Part I: The Lion that is a Lamb
Scholars have become increasingly aware of the careful compositional nature of Revelation, with an increasing amount of studies demonstrating the meticulous nature of John’s work, highlighting various features of the book such as his use of chiasmus and inclusio. Richard Bauckham says that Revelation “is a literary work composed with astonishing care and skill”, and that John took his revelatory experiences and “transmuted them through what must have been a lengthy process of reflection and writing into a thoroughly literary creation” in order to “communicate the meaning of the revelation that had been given him.”
One perspective on Revelation gaining ground is the idea that John wrote it with the purpose of providing an alternative symbolic universe for the readers.

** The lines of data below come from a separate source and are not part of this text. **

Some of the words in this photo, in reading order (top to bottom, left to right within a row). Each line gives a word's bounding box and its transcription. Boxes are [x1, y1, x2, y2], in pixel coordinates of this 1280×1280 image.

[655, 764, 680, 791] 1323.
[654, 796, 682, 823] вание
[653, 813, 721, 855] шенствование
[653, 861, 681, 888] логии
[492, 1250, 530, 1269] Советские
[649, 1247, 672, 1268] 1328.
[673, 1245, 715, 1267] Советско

David Barr, to cite one example, describes Revelation as containing “radical symbolic inversion”, a term which describes how Revelation offers up a symbolic transformation of the world, with an overarching example that Barr provides being how “symbols of power are replaced by images of suffering.”
An example of this inversion is in how Rev 12:7–9 paints the picture of a climactic battle in heaven with the holy angels fighting against the dragon and his angels. Despite couching this in traditional language of the combat myth, John’s understanding of this battle upturns such traditional language, for those who defeated the dragon “conquered him by the blood of the Lamb and by the word of their testimony, for they did not cling to life even in the face of death” (Rev 12:11).

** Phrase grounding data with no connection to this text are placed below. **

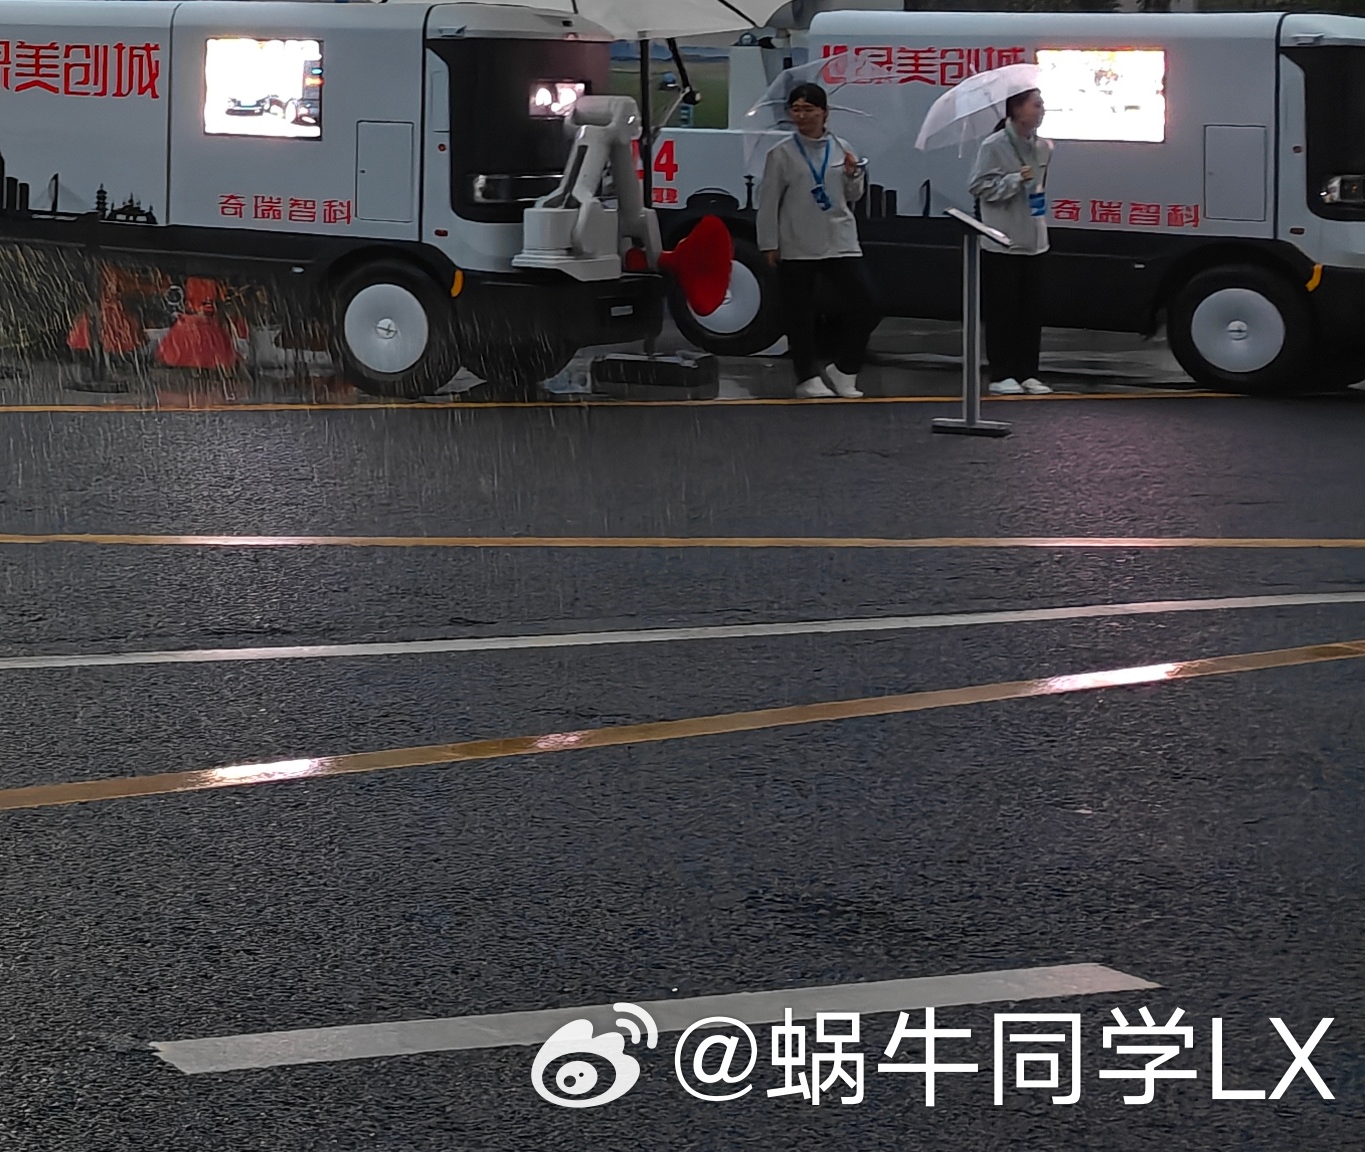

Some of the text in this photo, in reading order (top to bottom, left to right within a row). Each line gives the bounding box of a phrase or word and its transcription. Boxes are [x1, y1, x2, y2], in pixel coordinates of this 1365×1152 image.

[217, 193, 352, 226] 奇瑞智科
[1050, 199, 1201, 229] 奇瑞智科
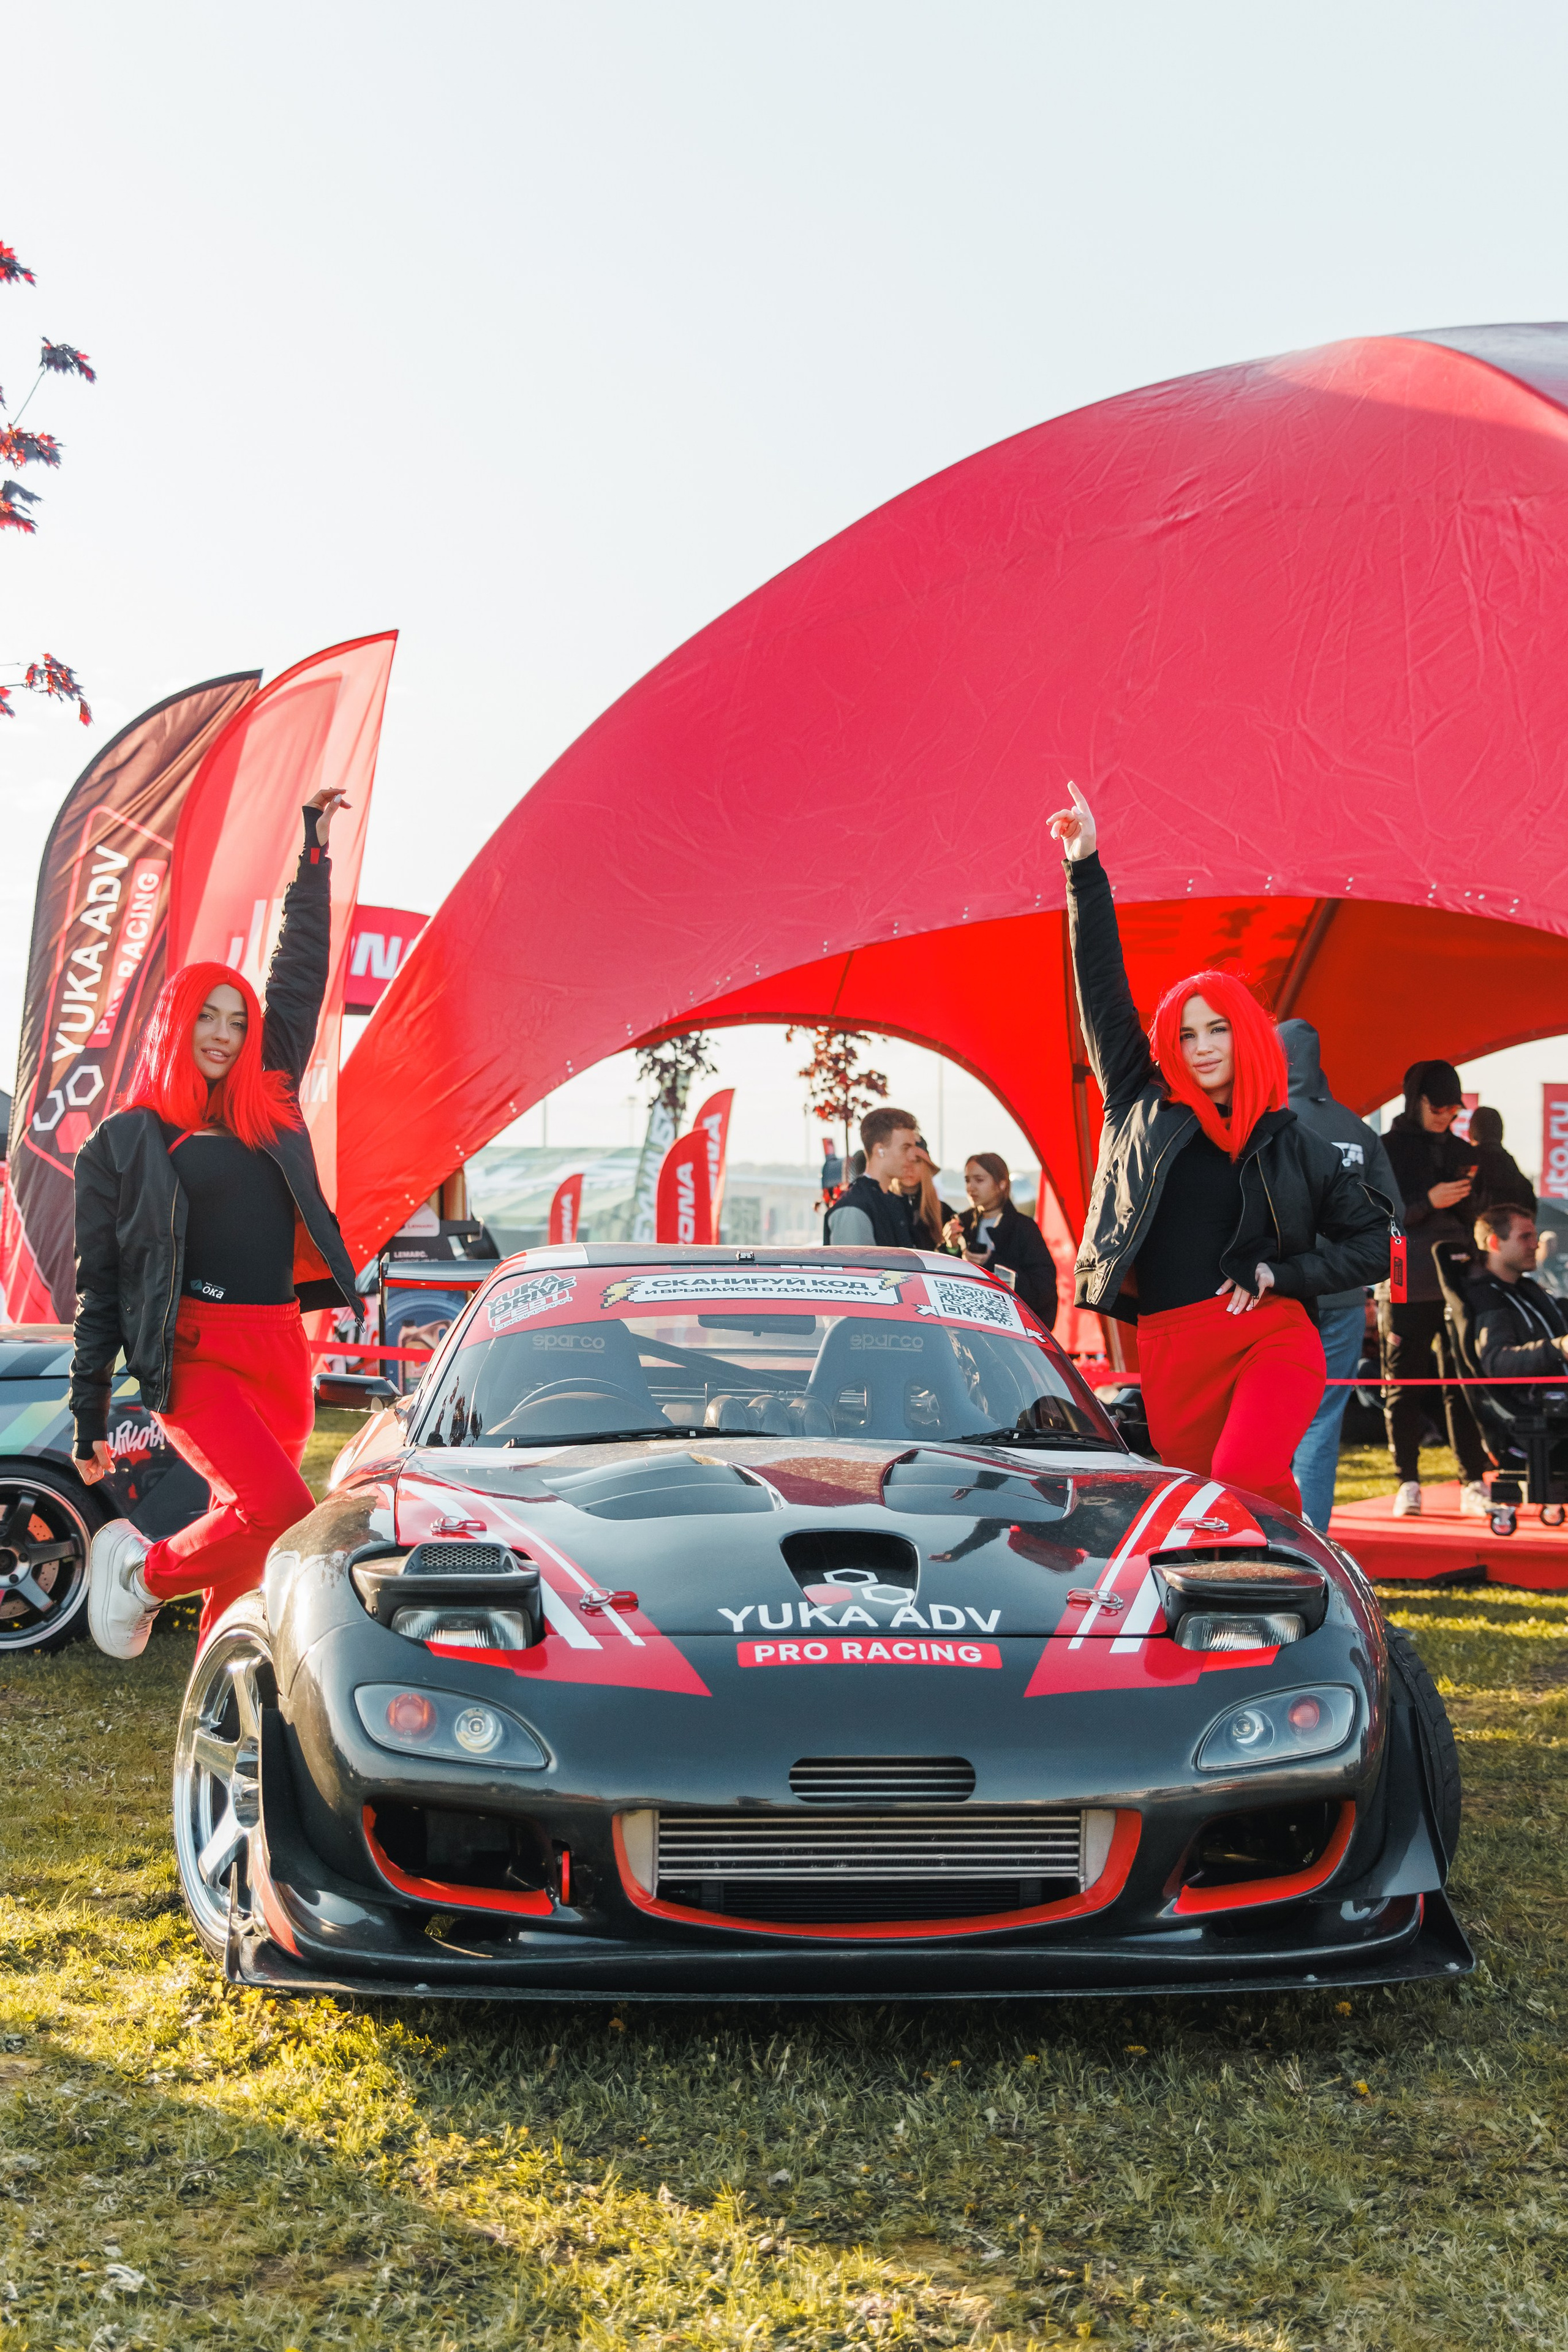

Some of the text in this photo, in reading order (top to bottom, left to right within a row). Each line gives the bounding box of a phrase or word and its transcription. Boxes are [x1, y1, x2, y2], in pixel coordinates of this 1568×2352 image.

[51, 845, 129, 1063] YUKA ADV
[484, 1275, 560, 1308] YUKA
[652, 1277, 869, 1290] СКАНИРУЙ КОД
[777, 1287, 878, 1297] ДЖИМХАНУ
[489, 1276, 576, 1319] DRIVE
[532, 1334, 605, 1351] sparco
[850, 1334, 924, 1351] sparco
[717, 1601, 1001, 1632] YUKA ADV
[754, 1642, 982, 1663] PRO RACING

What is perhaps the key inversion in Revelation is the Lion–Lamb juxtaposition (Rev 5:5–6). While most commentators and exegetes see the importance of the Lion–Lamb imagery for understanding the Christological content of Revelation, the exact relationship between the two figures is a matter of debate. An interpretation popular in evangelical and fundamentalist denominations—especially in North America—is to divide the images of Lion and Lamb dispensationally, that is, to apply the image of the Lamb to Christ’s first appearance which ended in his crucifixion and the Lion to his second appearance in the future where he shall smite the wicked.

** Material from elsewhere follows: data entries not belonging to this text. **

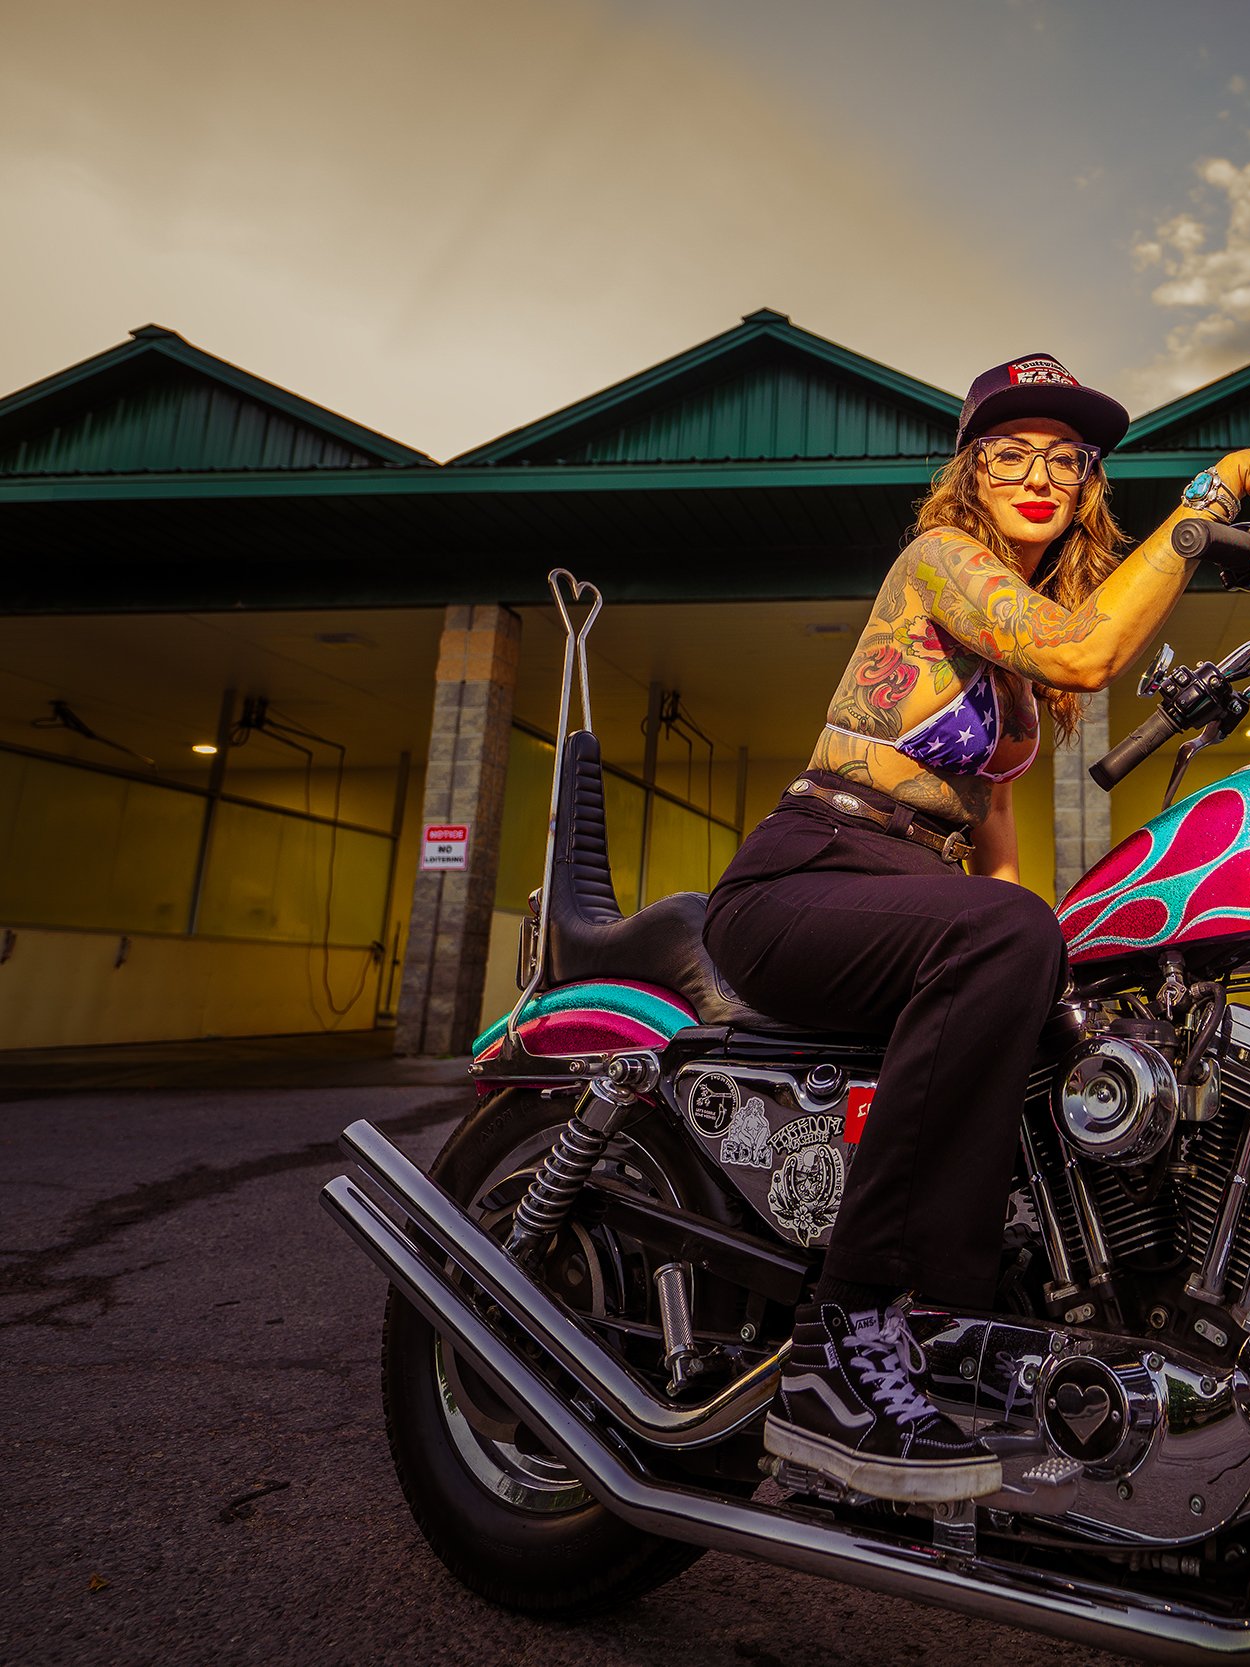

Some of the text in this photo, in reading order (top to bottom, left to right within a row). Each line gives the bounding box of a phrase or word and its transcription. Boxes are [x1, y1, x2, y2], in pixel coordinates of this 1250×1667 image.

[429, 829, 464, 840] NOTICE
[438, 844, 453, 854] NO
[425, 856, 464, 864] LOITERING
[766, 1115, 843, 1153] FREEDOM
[833, 1150, 842, 1191] BILTWELL
[854, 1316, 876, 1330] VANS

The view that I take to, however, is that the image of Christ as the Lamb reinterprets and transforms other themes displayed in Revelation, including the image of Lion. The image of the Lamb is not one that coexists with the Lion in some perpetual amiable juxtaposition; rather, the Lion is supplanted by the Lamb as depicting the true symbol of Christ’s victory. This point deserves to be underscored: Christ is not described by John as a Lion in the disguise of a Lamb, rather, he is a Lamb.
 Richard J. Bauckham, The Theology of the Book of Revelation (New Testament Theology; Cambridge: Cambridge University Press, 1993), 3–4.
 David L. Barr, “Doing Violence: Moral Issues in Reading John’s Apocalypse”, in David L. Barr (ed), Reading the Book of Revelation: A Resource for Students (Resources for Biblical Study, 44; ed. David L. Barr; Atlanta, GA: Society of Biblical Literature, 2003), 97–108 (101). For more on Barr’s idea of radical symbolic inversion, see David L. Barr, “The Apocalypse as a Symbolic Transformation of the World: A Literary Study”, Interpretation 38.1 (1984): 39–50; David L. Barr, Tales of the End: A Narrative Commentary on the Book of Revelation (Santa Rosa, CA: Polebridge Press, 1998).
 See Adela Yarbro Collins, The Combat Myth in the Book of Revelation (Eugene, OR: Wipf and Stock, 1976).
 Cf. Eugene M. Boring, Revelation (Interpretation; Louisville, KY: Westminster John Knox, 1989), 110–11.
 Cf. Mark Bredin, Jesus, Revolutionary of Peace: A Nonviolent Christology in the Book of Revelation (Waynesboro, GA: Paternoster Press, 2003), 30; David J. Neville. A Peaceable Hope: Contesting Violent Eschatology in New Testament Narratives (Grand Rapids, MI: Baker Academic, 2013), ch. 7 (Kindle location 4827) says that he “consider[s] the Lamb-image to be John’s central, controlling christological motif.”